--- MATERIAL PROVIDED ---

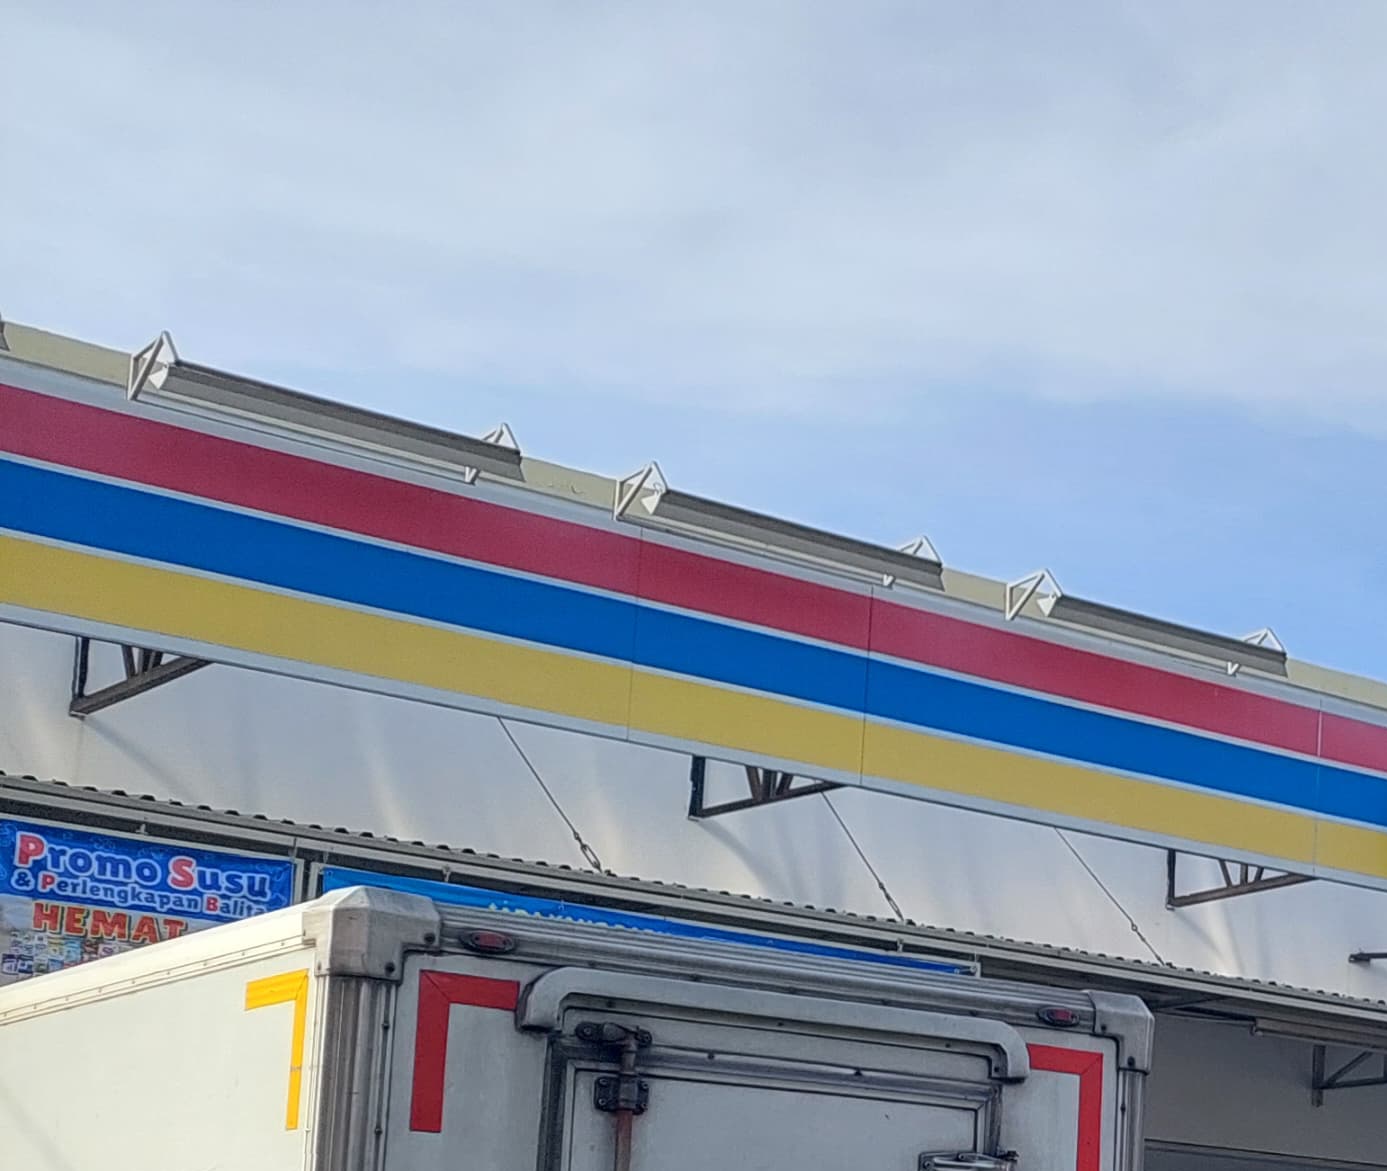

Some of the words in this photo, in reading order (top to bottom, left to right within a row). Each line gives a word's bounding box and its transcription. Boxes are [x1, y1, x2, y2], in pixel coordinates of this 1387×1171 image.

[17, 832, 160, 885] Promo
[169, 856, 271, 899] Susu
[12, 869, 34, 890] &
[40, 872, 199, 912] Perlengkapan
[205, 895, 269, 918] Balita
[33, 902, 188, 944] HEMAT

--- AIM OF THE TASK ---
Since the pictures are not wanted, repeat only the rest of the material, exactly as given.

--- WRITTEN SOLUTION ---
Some of the words in this photo, in reading order (top to bottom, left to right within a row). Each line gives a word's bounding box and its transcription. Boxes are [x1, y1, x2, y2], in pixel coordinates of this 1387×1171 image.

[17, 832, 160, 885] Promo
[169, 856, 271, 899] Susu
[12, 869, 34, 890] &
[40, 872, 199, 912] Perlengkapan
[205, 895, 269, 918] Balita
[33, 902, 188, 944] HEMAT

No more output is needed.